## Supplied records:
[Start of Attachment]
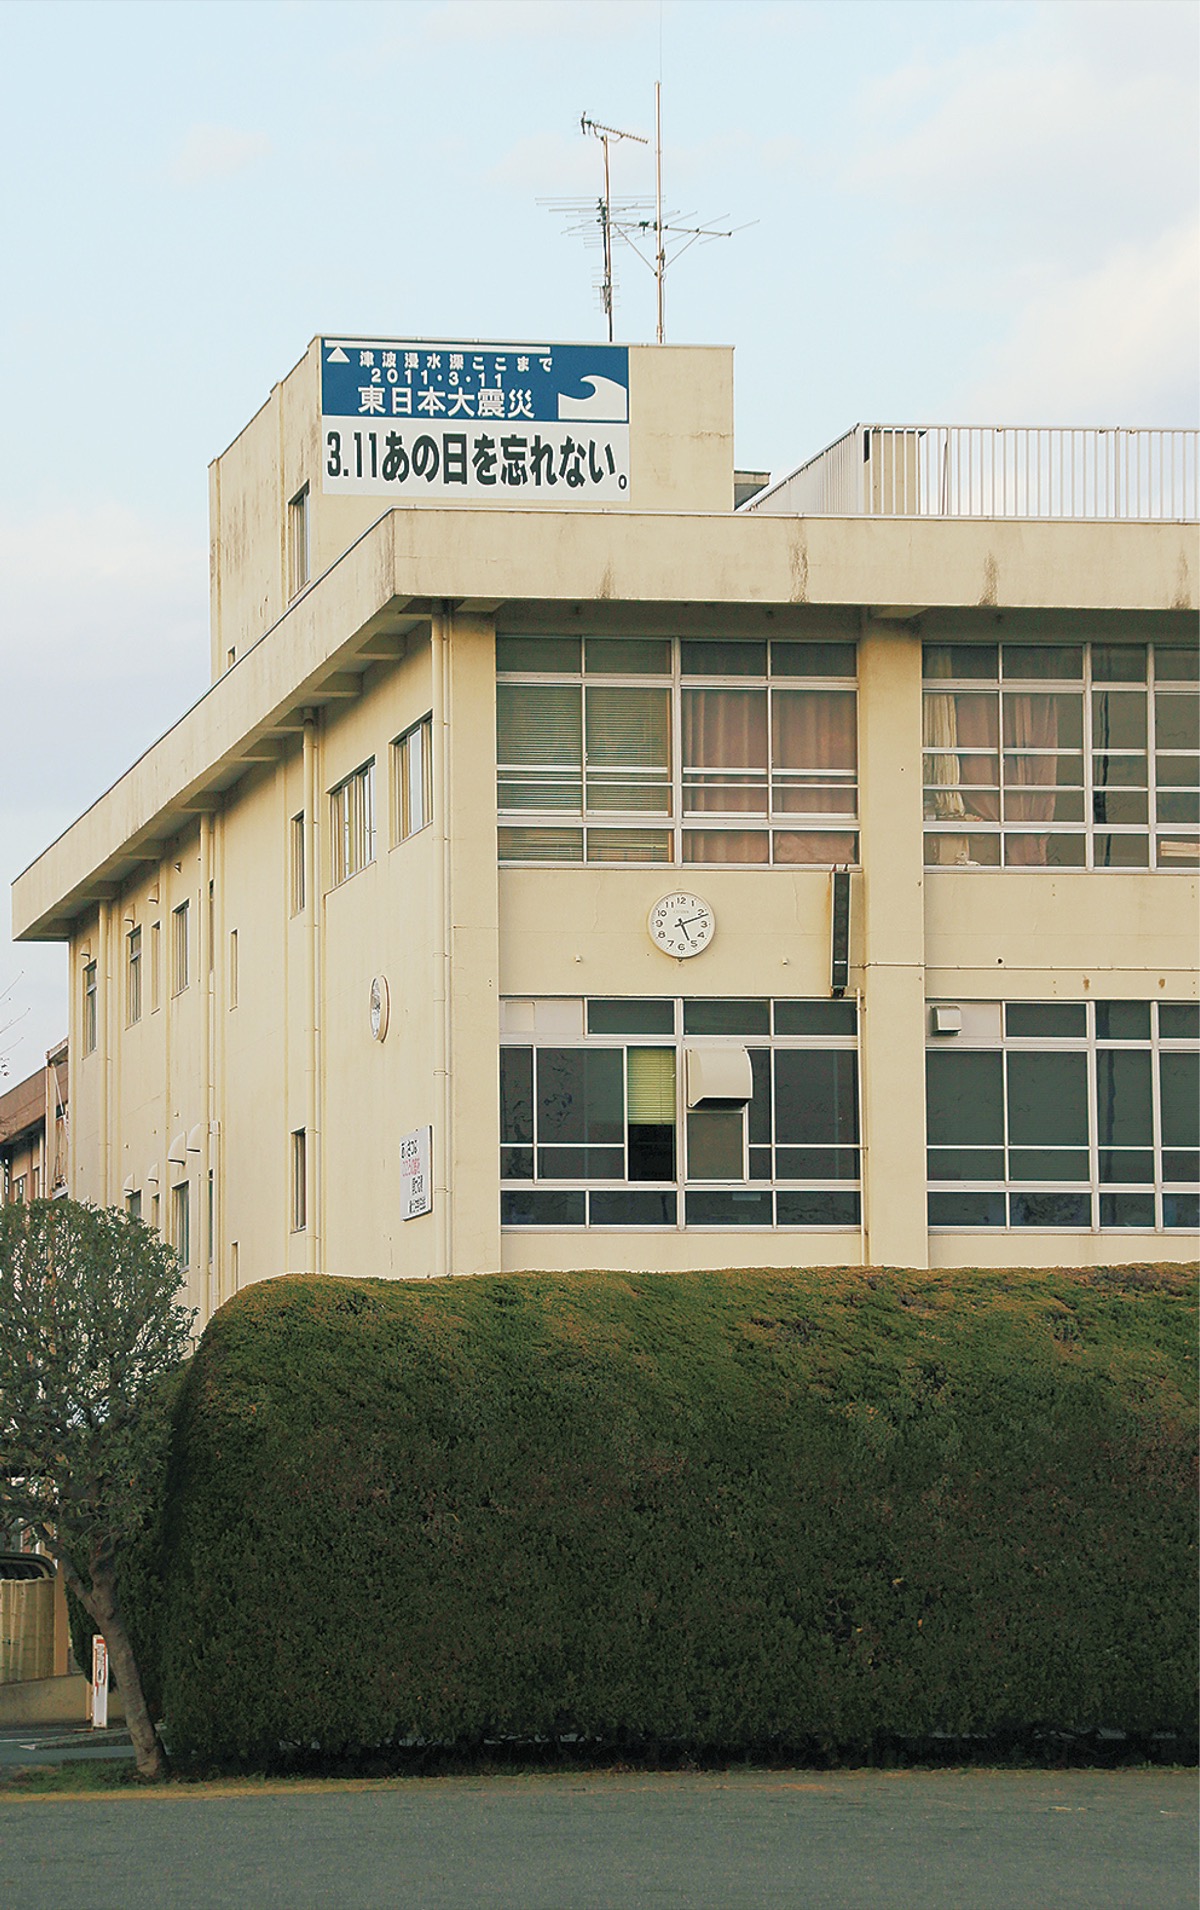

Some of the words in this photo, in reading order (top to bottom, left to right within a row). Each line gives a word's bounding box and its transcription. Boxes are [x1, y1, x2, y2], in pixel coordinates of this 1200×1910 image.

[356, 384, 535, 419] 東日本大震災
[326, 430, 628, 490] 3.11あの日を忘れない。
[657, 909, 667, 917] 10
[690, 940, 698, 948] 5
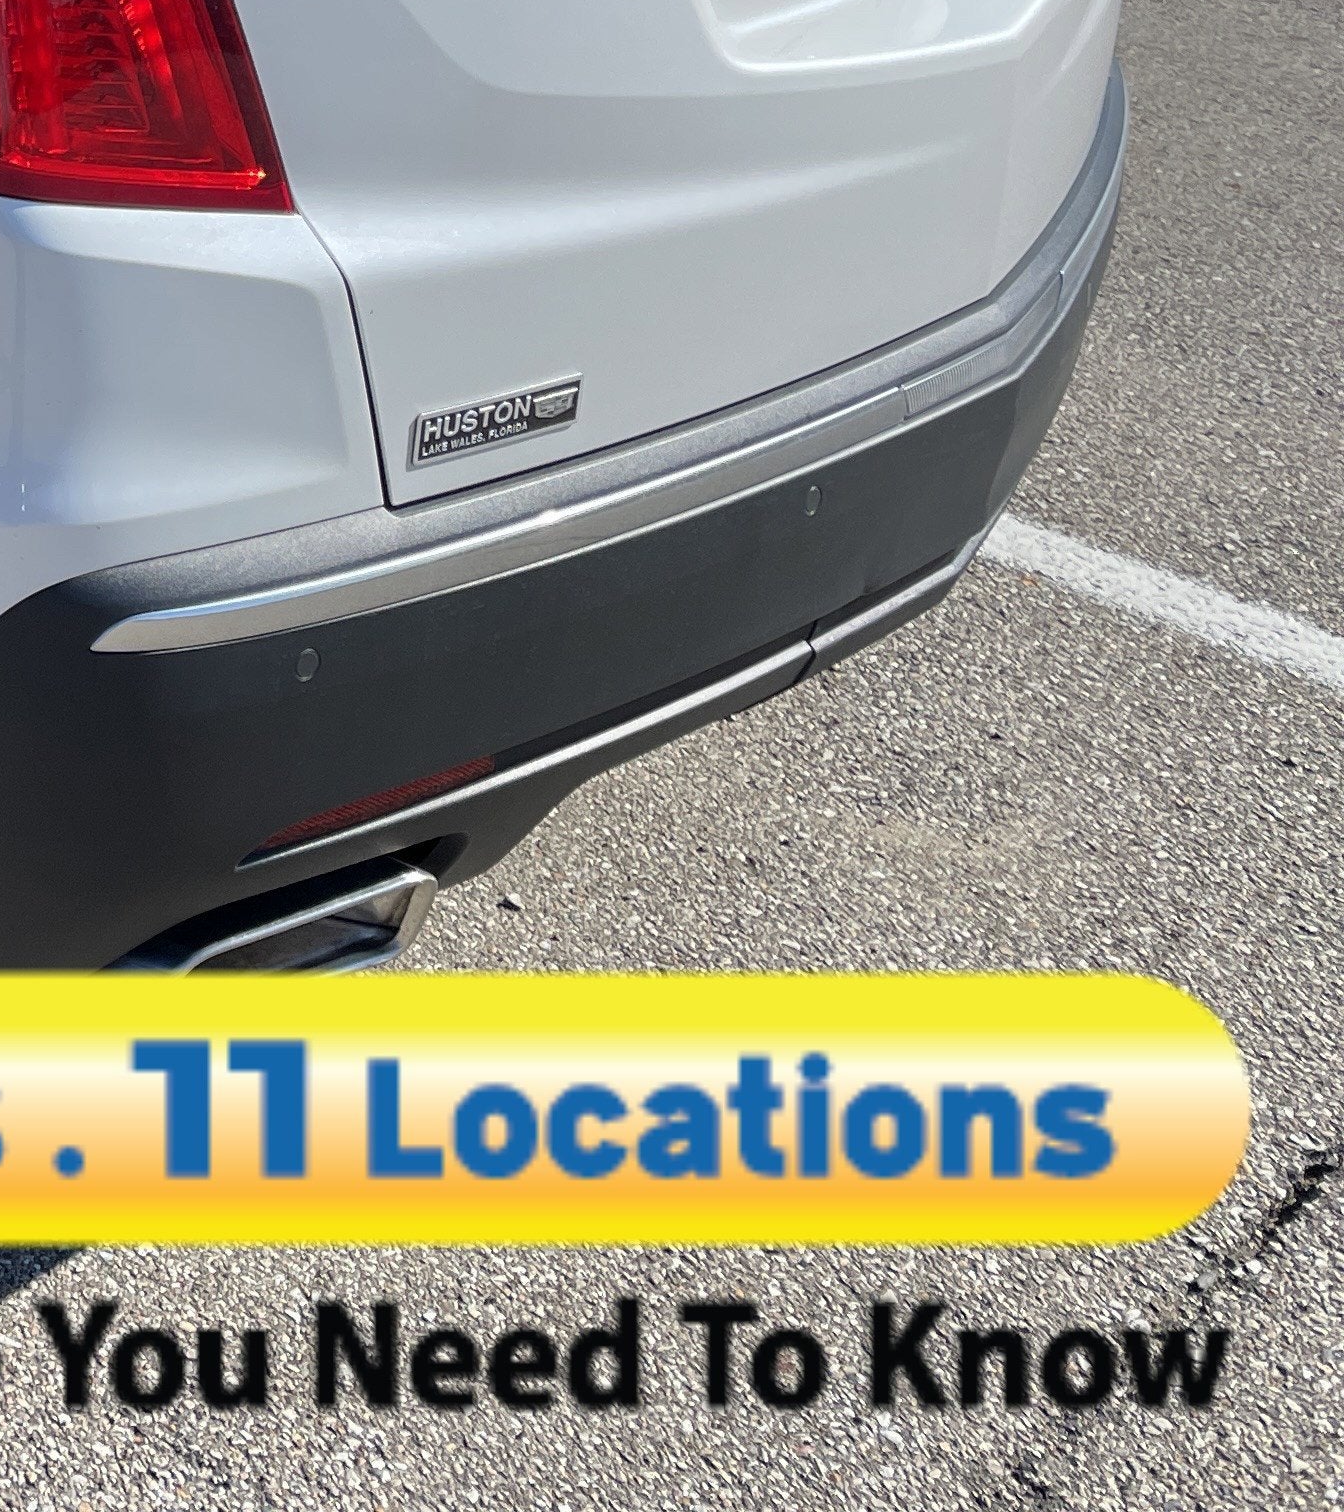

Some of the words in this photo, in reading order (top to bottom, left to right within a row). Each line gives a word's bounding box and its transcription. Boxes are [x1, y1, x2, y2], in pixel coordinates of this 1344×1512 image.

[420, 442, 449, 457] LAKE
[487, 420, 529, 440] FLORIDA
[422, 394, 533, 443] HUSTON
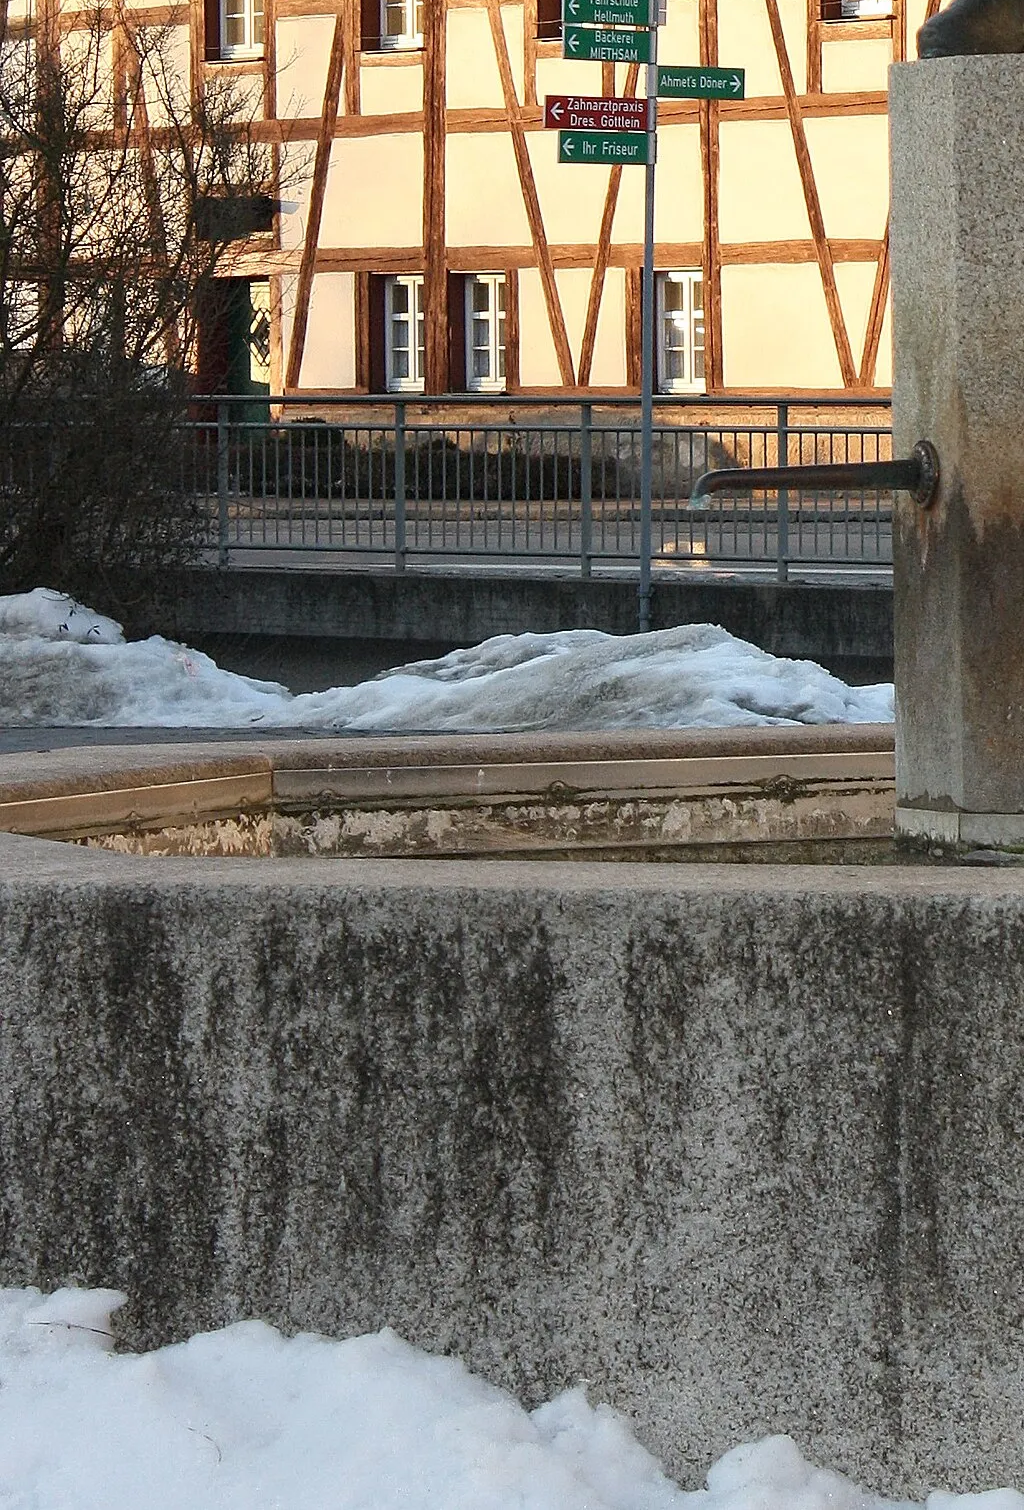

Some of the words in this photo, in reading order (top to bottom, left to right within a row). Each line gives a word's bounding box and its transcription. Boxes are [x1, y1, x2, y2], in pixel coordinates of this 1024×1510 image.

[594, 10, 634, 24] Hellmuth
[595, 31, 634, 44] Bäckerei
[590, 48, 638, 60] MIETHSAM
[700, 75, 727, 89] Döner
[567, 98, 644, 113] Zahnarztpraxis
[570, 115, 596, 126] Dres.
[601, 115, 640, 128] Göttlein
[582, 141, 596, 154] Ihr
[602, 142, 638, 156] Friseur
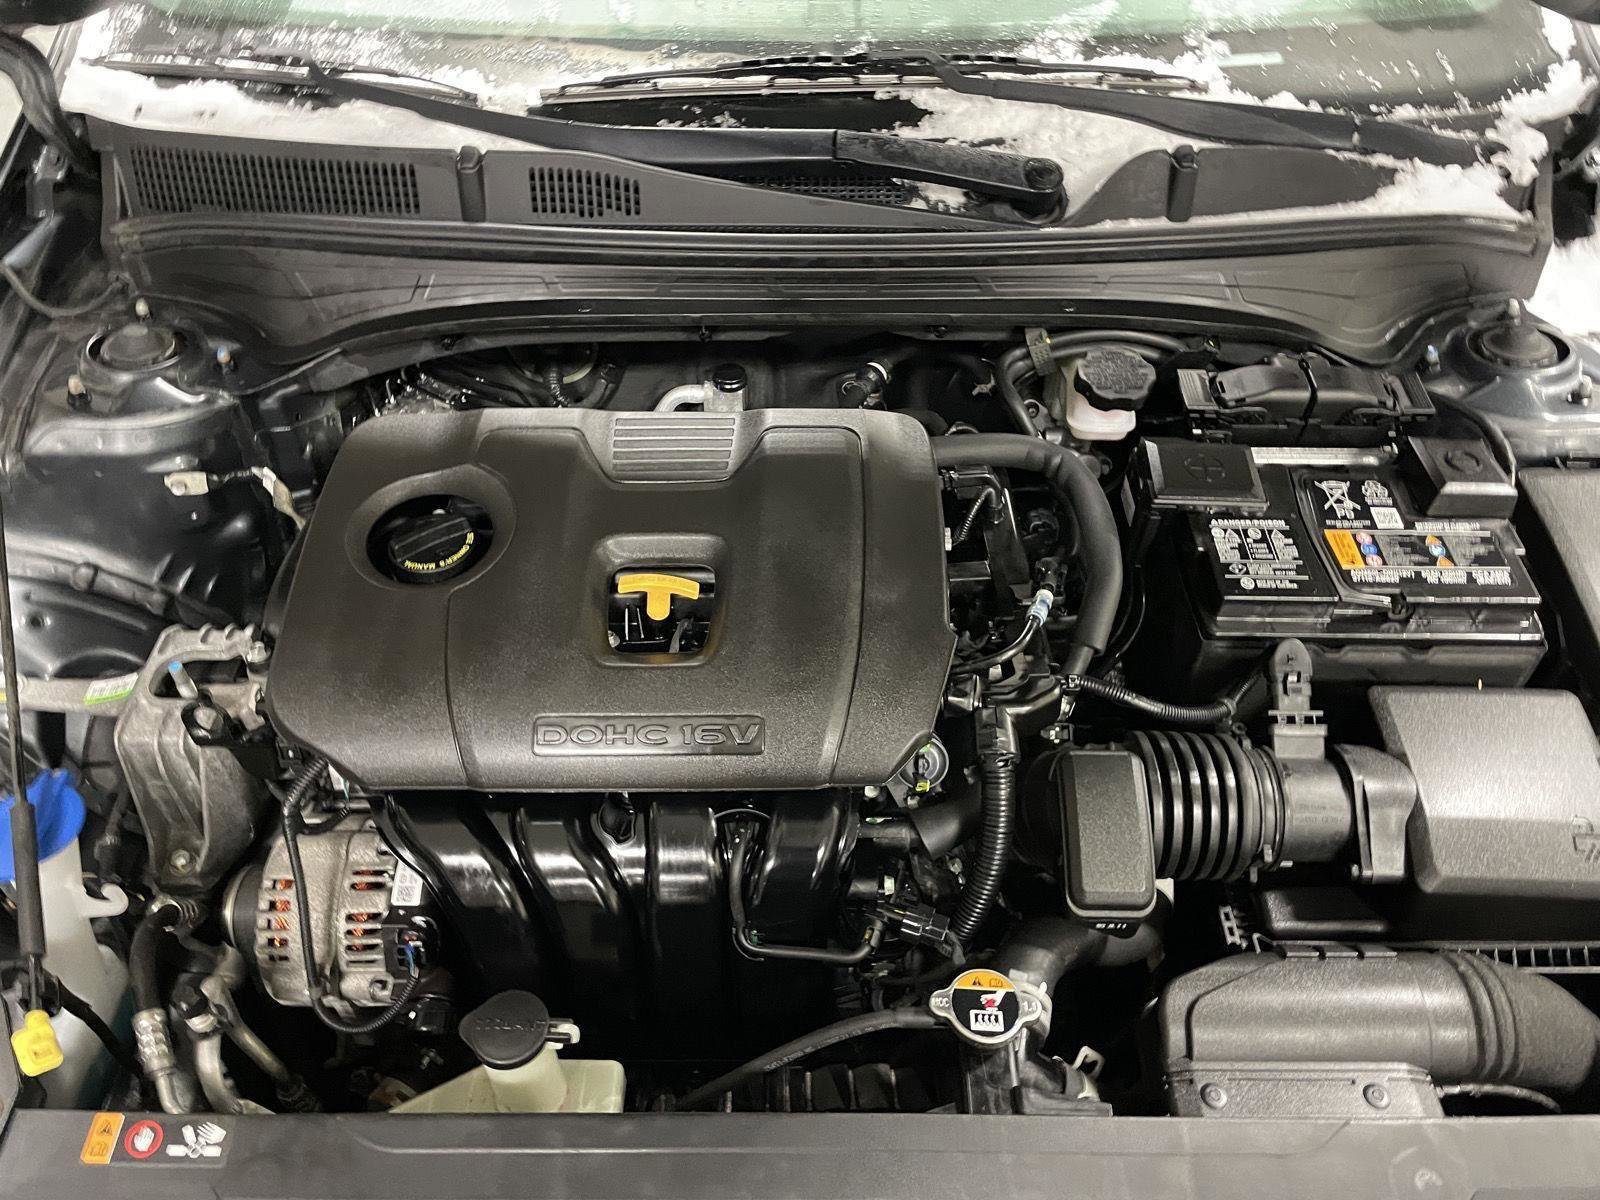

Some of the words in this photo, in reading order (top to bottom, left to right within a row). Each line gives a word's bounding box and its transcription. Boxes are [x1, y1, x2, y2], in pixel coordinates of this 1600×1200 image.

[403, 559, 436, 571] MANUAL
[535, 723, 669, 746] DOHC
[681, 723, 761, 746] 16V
[End of Attachment]
## Instructions to follow:
Give the records a second time exactly, keeping the images out.

## Output of the exercise:
Some of the words in this photo, in reading order (top to bottom, left to right within a row). Each line gives a word's bounding box and its transcription. Boxes are [x1, y1, x2, y2], in pixel coordinates of this 1200×1910 image.

[356, 384, 535, 419] 東日本大震災
[326, 430, 628, 490] 3.11あの日を忘れない。
[657, 909, 667, 917] 10
[690, 940, 698, 948] 5

Some of the words in this photo, in reading order (top to bottom, left to right within a row). Each line gives a word's bounding box and its transcription. Boxes are [x1, y1, x2, y2], in pixel coordinates of this 1344×1512 image.

[420, 442, 449, 457] LAKE
[487, 420, 529, 440] FLORIDA
[422, 394, 533, 443] HUSTON

Some of the words in this photo, in reading order (top to bottom, left to right within a row). Each line gives a word's bounding box and its transcription. Boxes are [x1, y1, x2, y2], in pixel coordinates of this 1024×1510 image.

[594, 10, 634, 24] Hellmuth
[595, 31, 634, 44] Bäckerei
[590, 48, 638, 60] MIETHSAM
[700, 75, 727, 89] Döner
[567, 98, 644, 113] Zahnarztpraxis
[570, 115, 596, 126] Dres.
[601, 115, 640, 128] Göttlein
[582, 141, 596, 154] Ihr
[602, 142, 638, 156] Friseur

Some of the words in this photo, in reading order (top to bottom, left to right within a row). Each line gives a word's bounding box and its transcription. Boxes are [x1, y1, x2, y2], in pixel coordinates of this 1600×1200 image.

[403, 559, 436, 571] MANUAL
[535, 723, 669, 746] DOHC
[681, 723, 761, 746] 16V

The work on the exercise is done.